### [Task goal]
In the entries below, begin at the line with "this 1600×1200 image." and stop after the line with "Some of the words"; output those lines exactly and omit the pictures.

### [Record extracts]
-------------------------

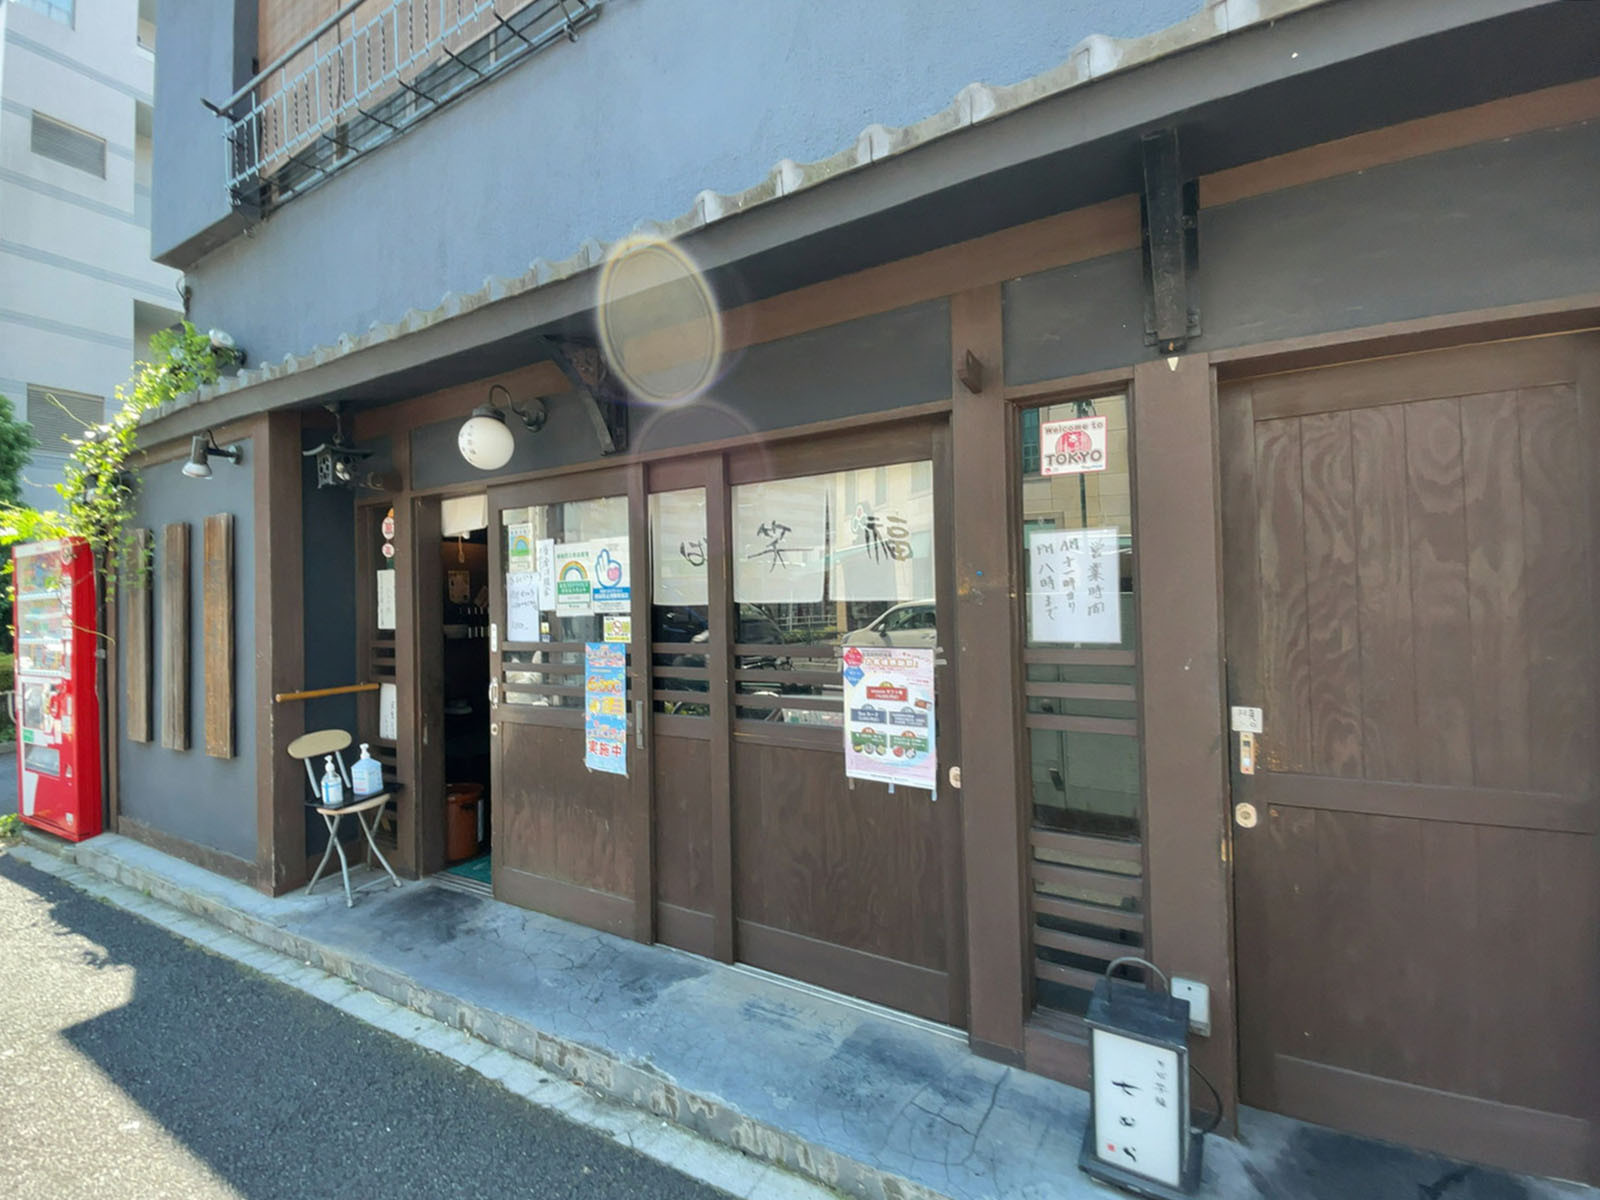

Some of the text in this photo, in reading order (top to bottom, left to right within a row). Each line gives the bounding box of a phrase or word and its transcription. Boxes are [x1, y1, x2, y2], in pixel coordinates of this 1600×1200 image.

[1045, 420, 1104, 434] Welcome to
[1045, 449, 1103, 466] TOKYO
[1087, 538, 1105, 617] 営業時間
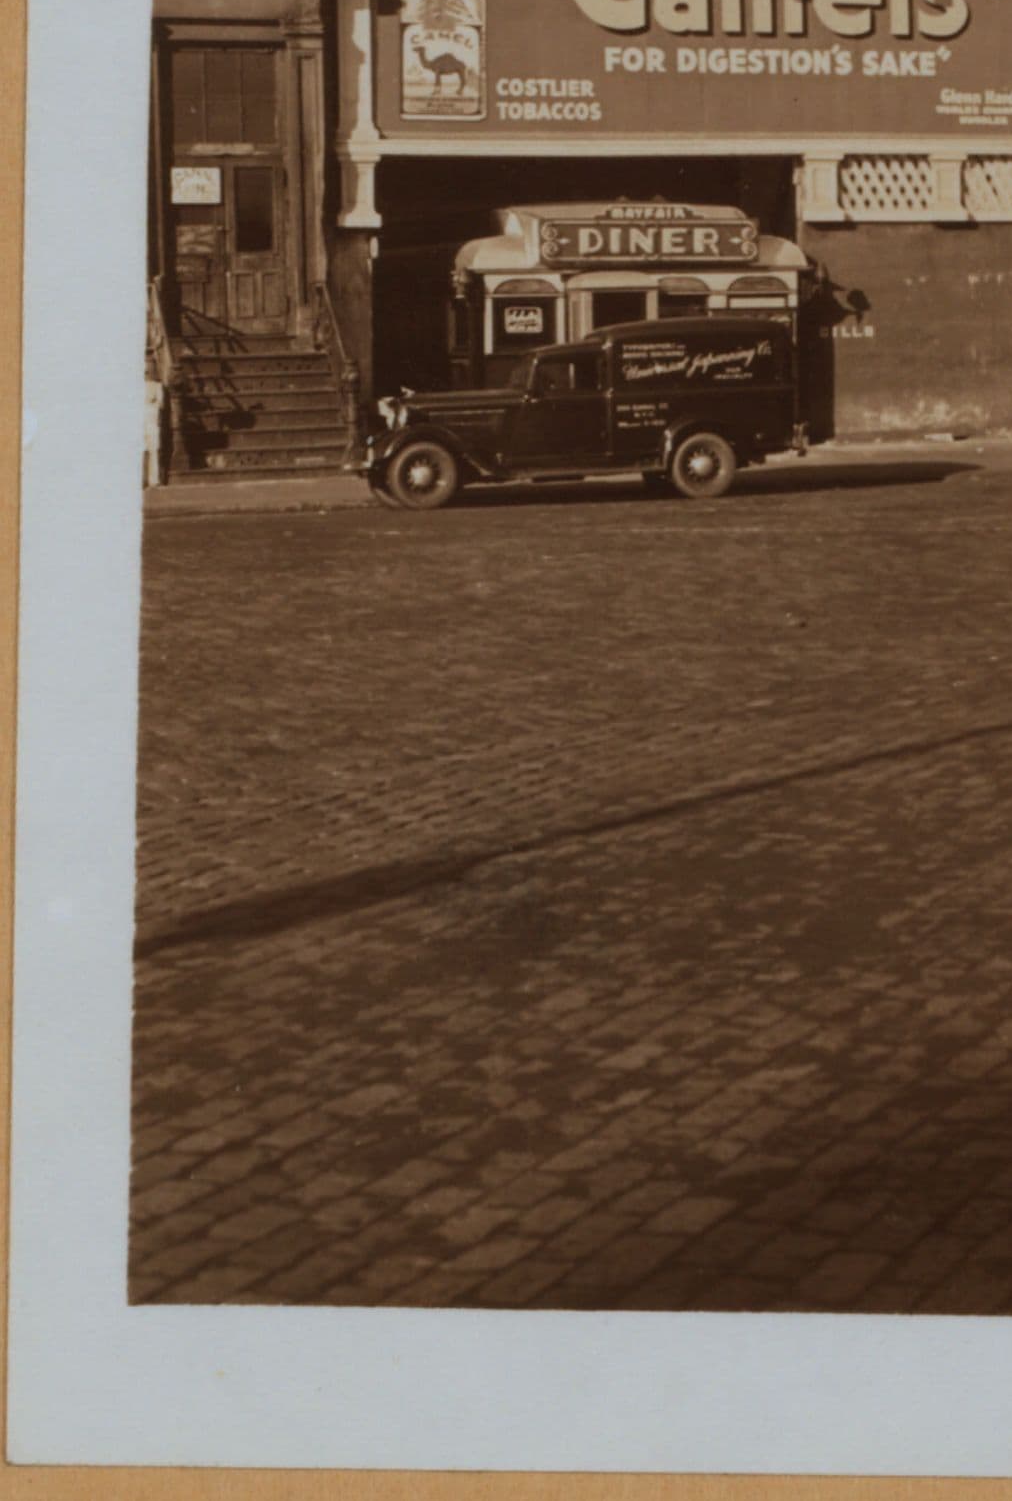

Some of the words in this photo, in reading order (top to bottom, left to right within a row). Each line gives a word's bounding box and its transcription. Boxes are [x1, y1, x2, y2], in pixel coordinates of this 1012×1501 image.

-------------------------

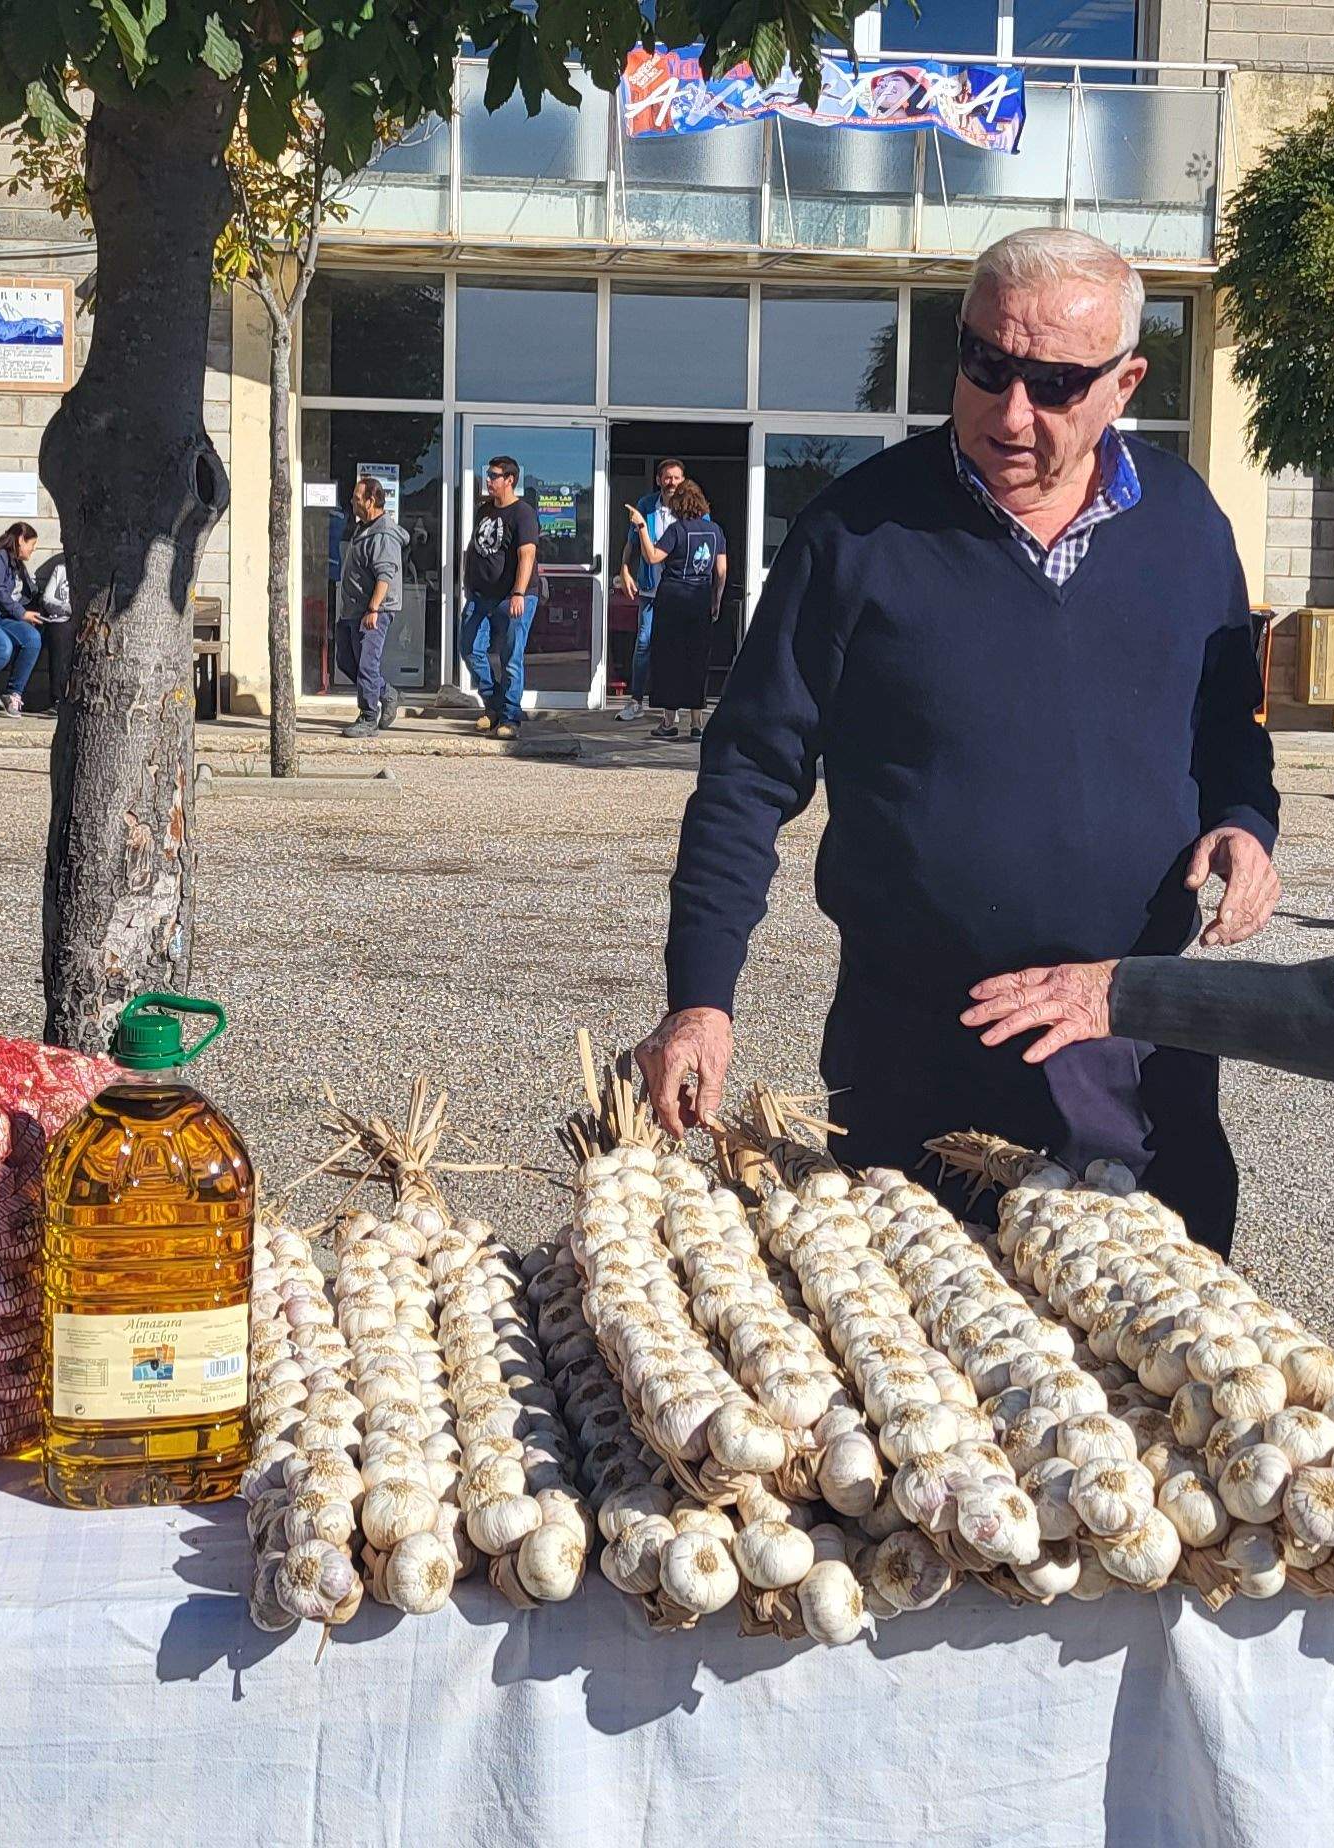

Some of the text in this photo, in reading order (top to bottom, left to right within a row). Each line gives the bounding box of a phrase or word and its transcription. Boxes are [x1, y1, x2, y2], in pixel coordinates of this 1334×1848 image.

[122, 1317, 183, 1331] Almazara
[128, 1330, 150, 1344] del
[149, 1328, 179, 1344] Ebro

-------------------------

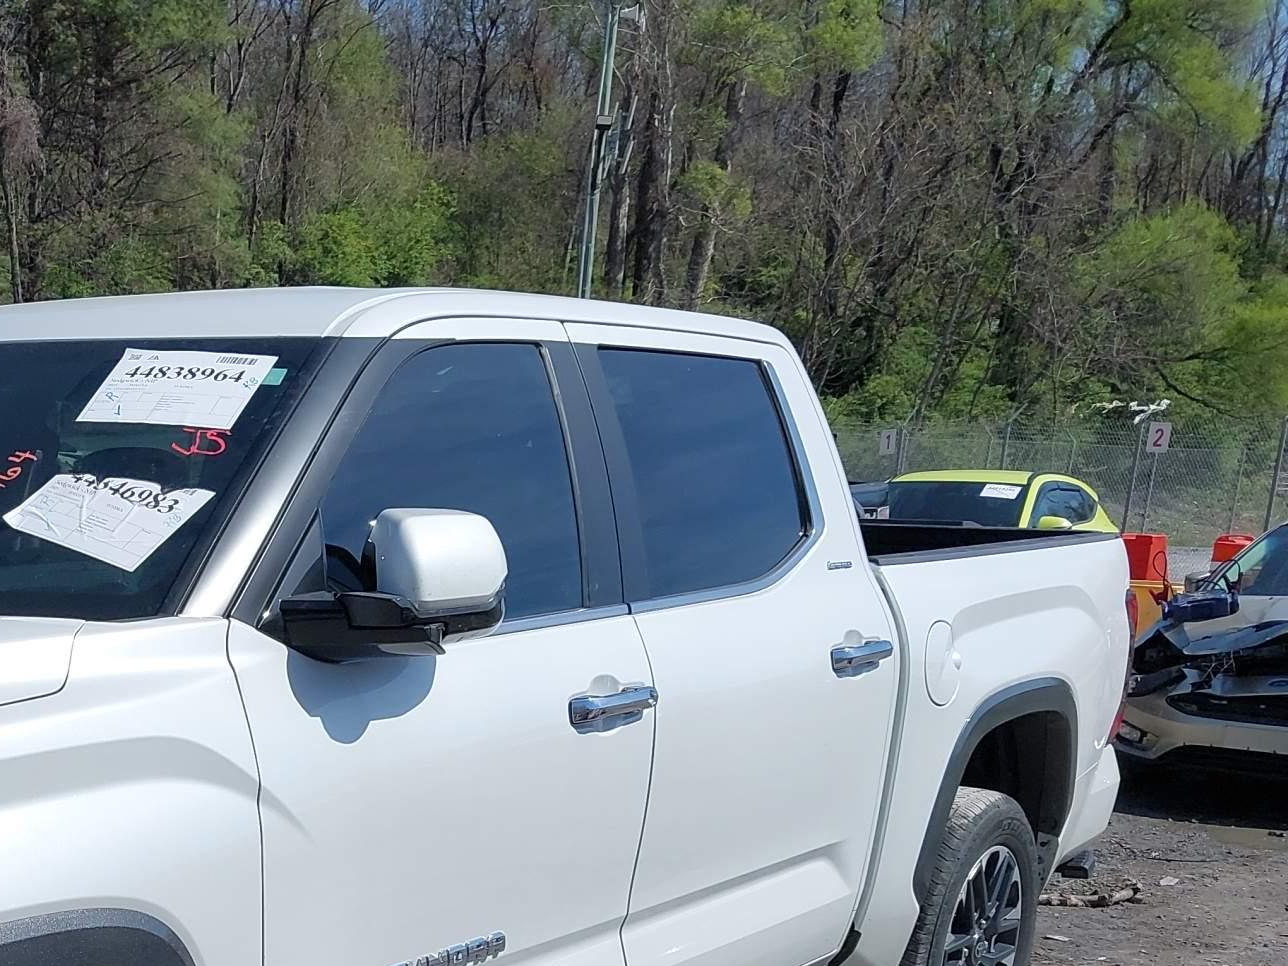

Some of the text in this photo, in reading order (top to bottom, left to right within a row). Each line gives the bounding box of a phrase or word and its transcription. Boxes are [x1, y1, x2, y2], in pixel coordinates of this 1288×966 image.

-------------------------

### [Solution]
Some of the text in this photo, in reading order (top to bottom, left to right within a row). Each line gives the bounding box of a phrase or word and its transcription. Boxes are [x1, y1, x2, y2], in pixel coordinates of this 1600×1200 image.

[1045, 420, 1104, 434] Welcome to
[1045, 449, 1103, 466] TOKYO
[1087, 538, 1105, 617] 営業時間

Some of the words in this photo, in reading order (top to bottom, left to right within a row). Each line gives a word's bounding box and its transcription. Boxes are [x1, y1, x2, y2], in pixel coordinates of this 1012×1501 image.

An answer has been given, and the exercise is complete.